You don't need the most expensive model to get all the benefits. Even cheaper versions work great for everyday use.
Parts of a Fountain Pen
Here's a look at its inner workings and the best fountain pen features to look for.
Cap – Covers and protects the nib to ensure proper ink flow.
Barrel – The outer case or body of the pen. The handle or grip is designed to be comfortable to hold.
Nib – The writing point of most fountain pens is replaceable and comes in different styles.
Feed – The component that moves ink from the cartridge to the nib.
Cartridge – An integrated ink tank inside the barrel. There are replacements available or refillable ink cartridges. A converter changes a replaceable ink cartridge to a refillable one.
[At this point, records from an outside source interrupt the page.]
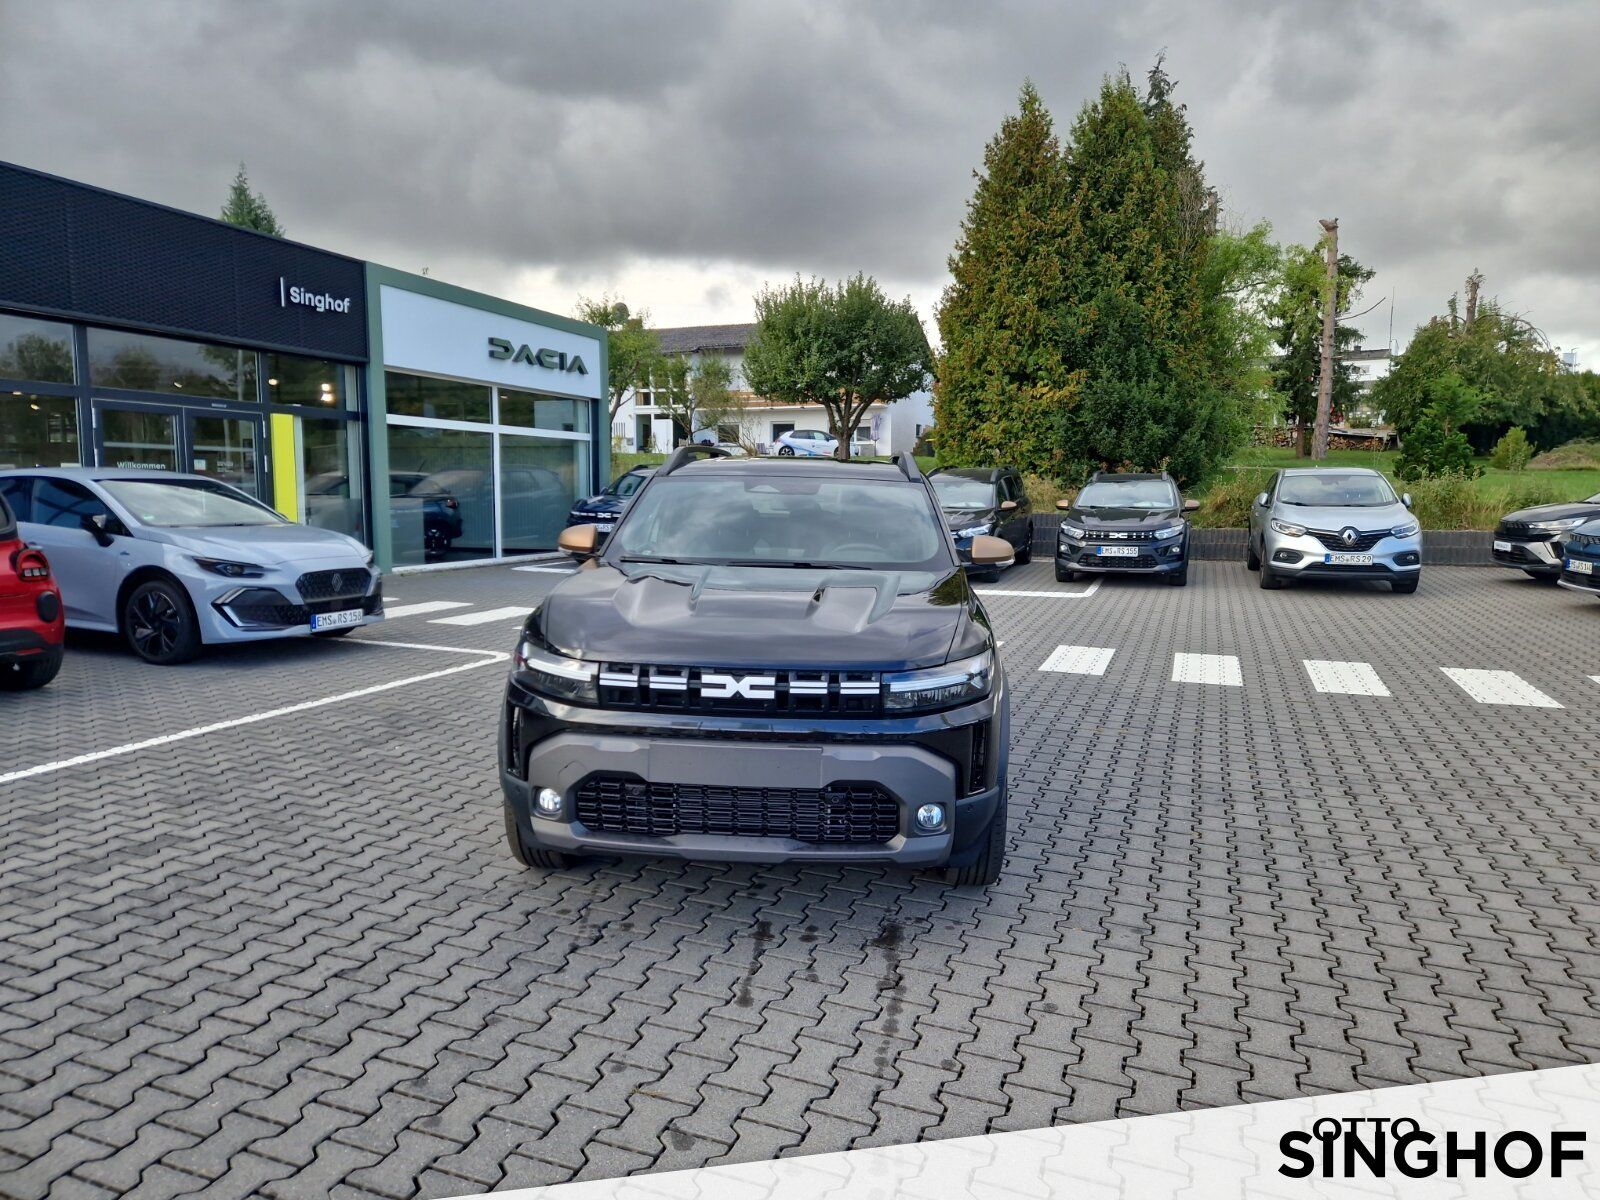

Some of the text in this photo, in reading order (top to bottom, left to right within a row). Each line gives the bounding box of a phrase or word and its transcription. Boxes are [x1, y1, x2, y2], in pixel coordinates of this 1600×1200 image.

[289, 286, 350, 314] Singhof
[488, 337, 589, 375] DACIA
[117, 461, 166, 470] Willkommen
[1329, 554, 1372, 563] EMS RS 29
[316, 614, 332, 627] EMS
[337, 613, 348, 624] RS
So, there you have it! Writing with your first fountain pen really isn't that different. But like any quality tool, it makes the overall experience more rewarding and the final product more satisfying.
Fountain Pen Writing FAQs
Why would anyone use a fountain pen?
Fountain pens offer one of the most enjoyable experiences for handwriting. If you write a lot, they can help alleviate wrist and hand pain. They make your writing flow naturally, which is fun–but also cathartic. Beyond the quality of the writing experience, many use them because they are beautifully crafted works of art.
Why should we use fountain pen instead of ball pen?
Fountain pens aren't for everyone, but they offer advantages over ballpoint pens. The ink flows more readily, making writing flow easier with less pressure needed on the paper. Plus, fountain pens are beautiful in and of themselves, built to be easily refillable and to last a lifetime.
Are fountain pens good for daily use?
Fountain pens are great for daily use, so long as you enjoy using them. Of course, like all good tools, they are not for everyone. But people who do a lot of handwriting tend to appreciate them since they allow ink to flow smoothly and naturally on the paper.
Do you write better with a fountain pen?
Most users think their handwriting looks much better when made with a fountain pen. This is because the ink flows so easily from the nib, letting your lines take on details and a more unique writing style.